### Problem statement
Write the records below out again word for word, with the pictures removed.

[Entries taken from a collection]
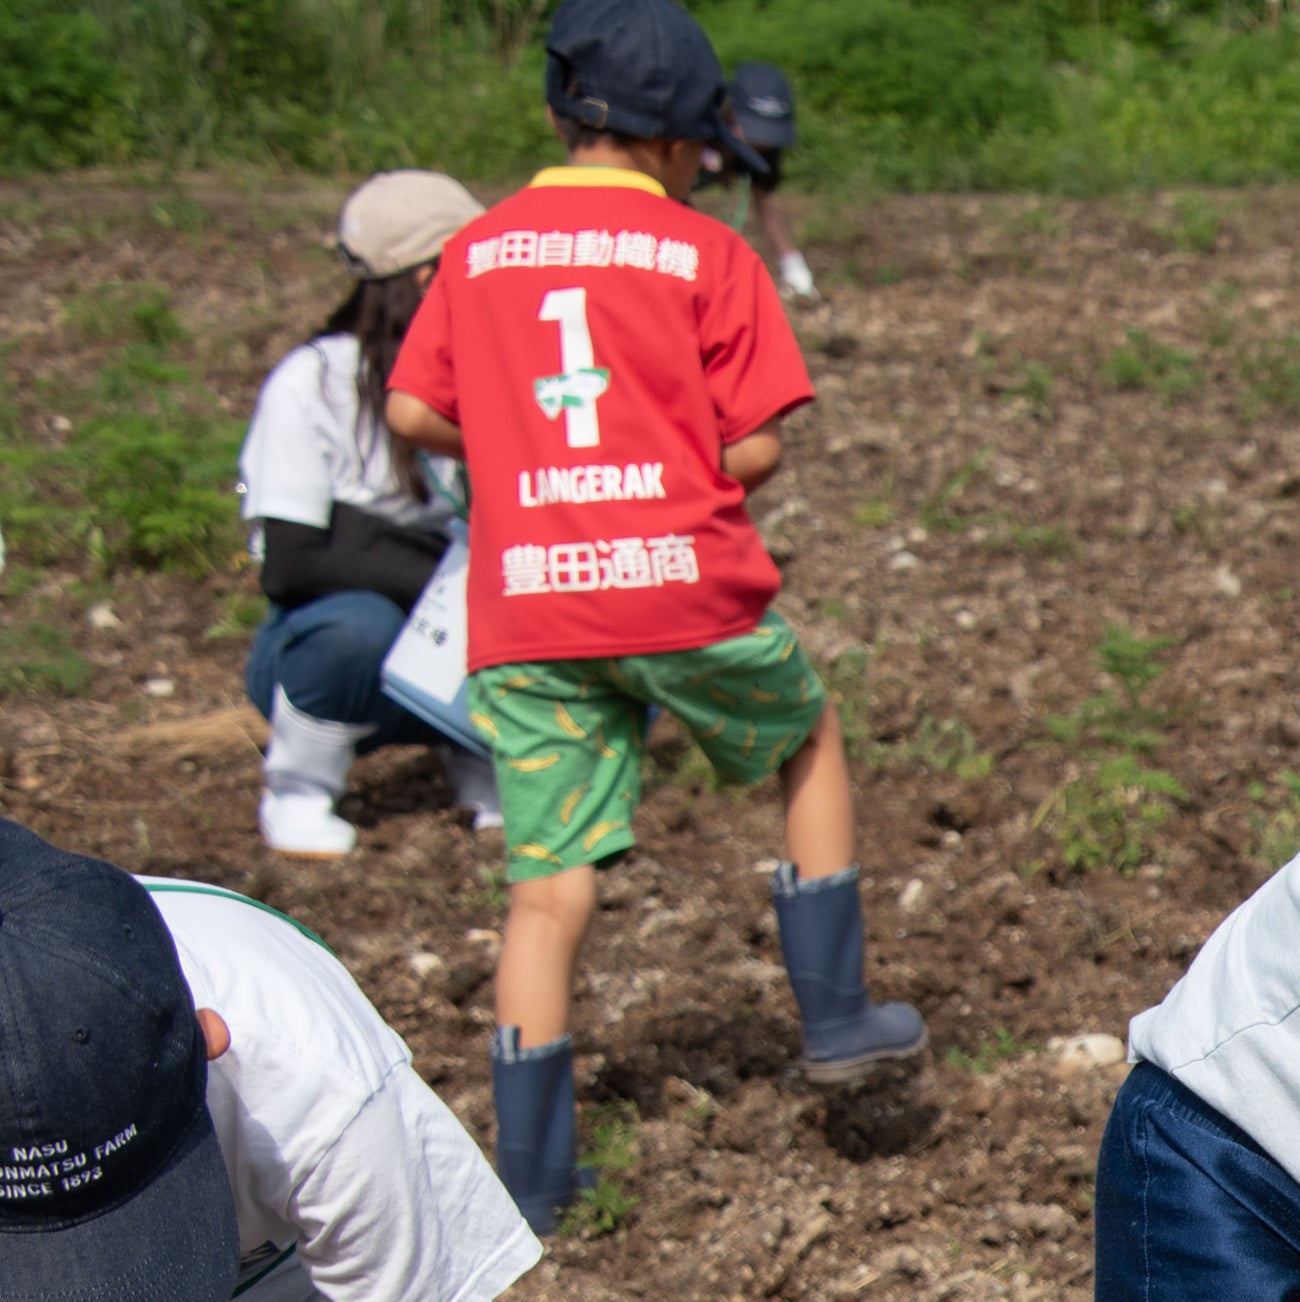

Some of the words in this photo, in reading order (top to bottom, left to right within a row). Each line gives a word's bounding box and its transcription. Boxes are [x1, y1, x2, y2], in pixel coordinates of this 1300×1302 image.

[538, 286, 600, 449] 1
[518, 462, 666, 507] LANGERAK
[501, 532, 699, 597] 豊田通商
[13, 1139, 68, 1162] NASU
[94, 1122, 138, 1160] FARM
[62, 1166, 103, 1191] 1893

### Solution below
Some of the words in this photo, in reading order (top to bottom, left to right within a row). Each line gives a word's bounding box and its transcription. Boxes are [x1, y1, x2, y2], in pixel coordinates of this 1300×1302 image.

[538, 286, 600, 449] 1
[518, 462, 666, 507] LANGERAK
[501, 532, 699, 597] 豊田通商
[13, 1139, 68, 1162] NASU
[94, 1122, 138, 1160] FARM
[62, 1166, 103, 1191] 1893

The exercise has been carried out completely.